Aim of the task
All of the entries below should be returned verbatim, apart from the pictures.

Available data
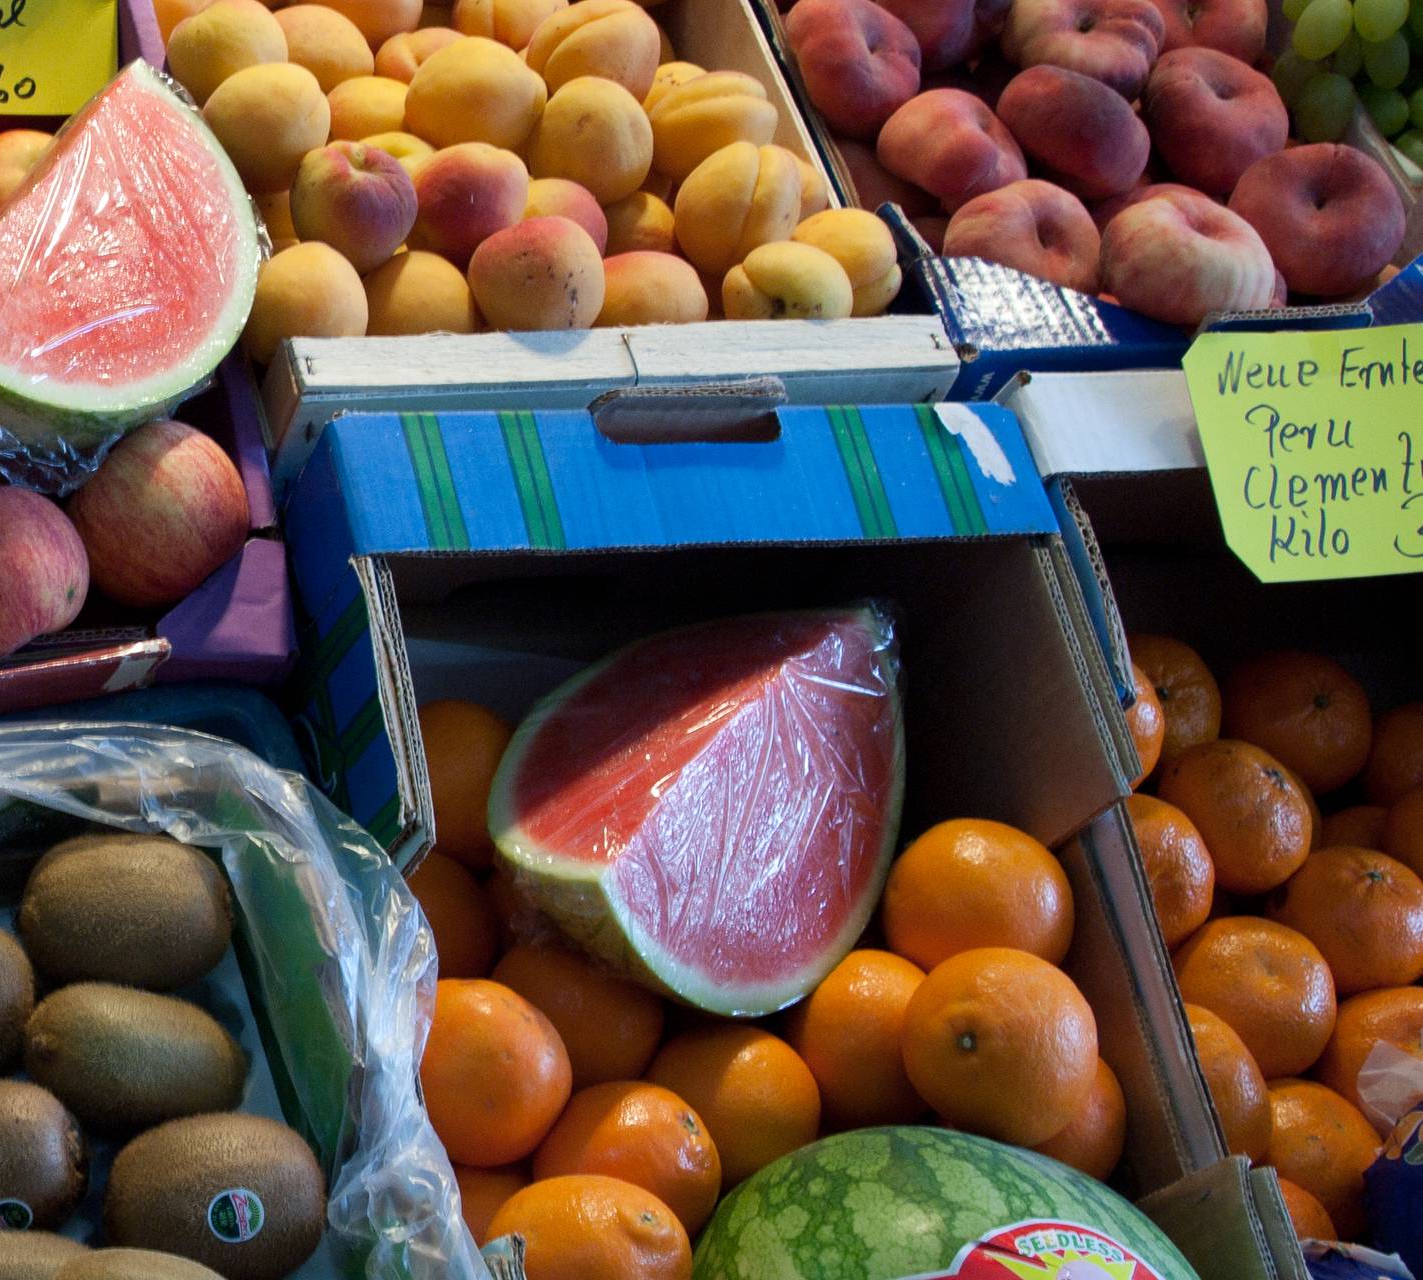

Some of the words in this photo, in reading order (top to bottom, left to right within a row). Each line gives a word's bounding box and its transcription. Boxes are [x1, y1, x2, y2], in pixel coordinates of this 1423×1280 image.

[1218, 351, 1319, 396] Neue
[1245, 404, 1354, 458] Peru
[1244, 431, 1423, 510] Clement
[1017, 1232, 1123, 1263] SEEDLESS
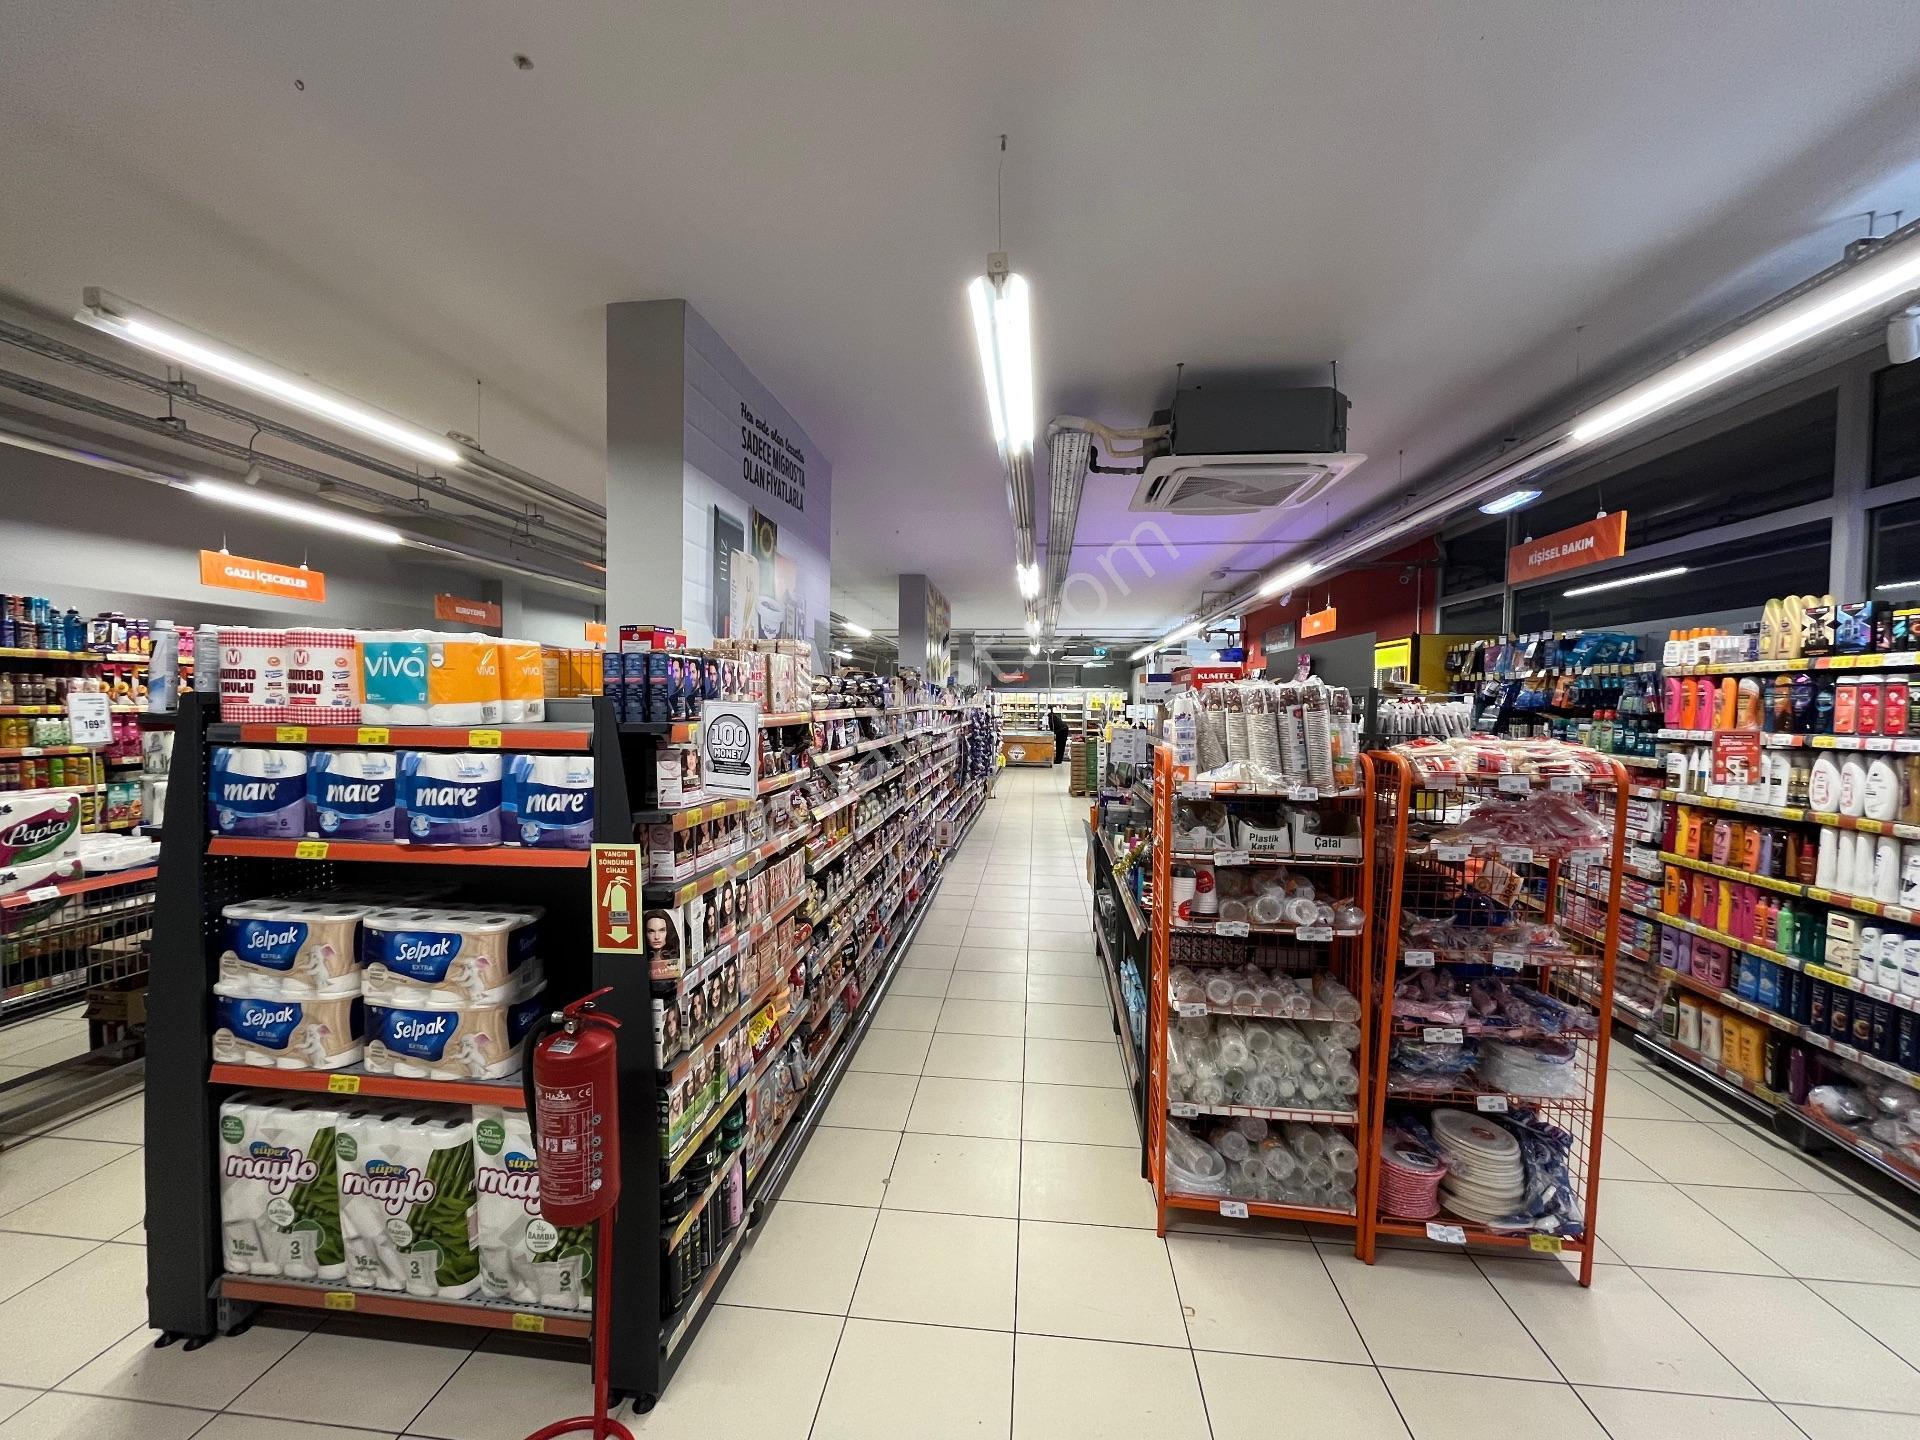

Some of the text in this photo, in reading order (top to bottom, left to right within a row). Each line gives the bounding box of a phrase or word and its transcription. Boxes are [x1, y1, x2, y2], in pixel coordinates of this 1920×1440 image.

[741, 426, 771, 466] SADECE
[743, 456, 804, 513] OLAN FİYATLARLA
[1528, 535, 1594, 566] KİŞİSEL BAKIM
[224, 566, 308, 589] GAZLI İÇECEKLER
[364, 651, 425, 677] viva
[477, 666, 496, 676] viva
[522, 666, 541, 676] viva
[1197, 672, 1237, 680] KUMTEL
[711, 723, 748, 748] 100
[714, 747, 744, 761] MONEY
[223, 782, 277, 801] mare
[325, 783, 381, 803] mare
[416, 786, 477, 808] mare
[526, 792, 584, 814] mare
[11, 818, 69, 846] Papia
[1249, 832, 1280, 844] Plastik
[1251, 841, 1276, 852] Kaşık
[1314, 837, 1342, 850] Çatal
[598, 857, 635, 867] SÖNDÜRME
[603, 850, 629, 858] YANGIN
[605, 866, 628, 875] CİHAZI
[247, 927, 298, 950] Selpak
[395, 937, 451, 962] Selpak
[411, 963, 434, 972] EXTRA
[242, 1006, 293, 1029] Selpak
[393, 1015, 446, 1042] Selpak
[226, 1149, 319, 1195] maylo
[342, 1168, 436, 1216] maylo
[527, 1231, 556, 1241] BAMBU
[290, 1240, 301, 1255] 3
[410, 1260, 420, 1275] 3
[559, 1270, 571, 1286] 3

Response box
Some of the words in this photo, in reading order (top to bottom, left to right within a row). Each line gives a word's bounding box and its transcription. Boxes are [x1, y1, x2, y2], in pixel coordinates of this 1423×1280 image.

[1218, 351, 1319, 396] Neue
[1245, 404, 1354, 458] Peru
[1244, 431, 1423, 510] Clement
[1017, 1232, 1123, 1263] SEEDLESS

Some of the text in this photo, in reading order (top to bottom, left to right within a row). Each line gives the bounding box of a phrase or word and its transcription. Boxes are [x1, y1, x2, y2], in pixel coordinates of this 1920×1440 image.

[741, 426, 771, 466] SADECE
[743, 456, 804, 513] OLAN FİYATLARLA
[1528, 535, 1594, 566] KİŞİSEL BAKIM
[224, 566, 308, 589] GAZLI İÇECEKLER
[364, 651, 425, 677] viva
[477, 666, 496, 676] viva
[522, 666, 541, 676] viva
[1197, 672, 1237, 680] KUMTEL
[711, 723, 748, 748] 100
[714, 747, 744, 761] MONEY
[223, 782, 277, 801] mare
[325, 783, 381, 803] mare
[416, 786, 477, 808] mare
[526, 792, 584, 814] mare
[11, 818, 69, 846] Papia
[1249, 832, 1280, 844] Plastik
[1251, 841, 1276, 852] Kaşık
[1314, 837, 1342, 850] Çatal
[598, 857, 635, 867] SÖNDÜRME
[603, 850, 629, 858] YANGIN
[605, 866, 628, 875] CİHAZI
[247, 927, 298, 950] Selpak
[395, 937, 451, 962] Selpak
[411, 963, 434, 972] EXTRA
[242, 1006, 293, 1029] Selpak
[393, 1015, 446, 1042] Selpak
[226, 1149, 319, 1195] maylo
[342, 1168, 436, 1216] maylo
[527, 1231, 556, 1241] BAMBU
[290, 1240, 301, 1255] 3
[410, 1260, 420, 1275] 3
[559, 1270, 571, 1286] 3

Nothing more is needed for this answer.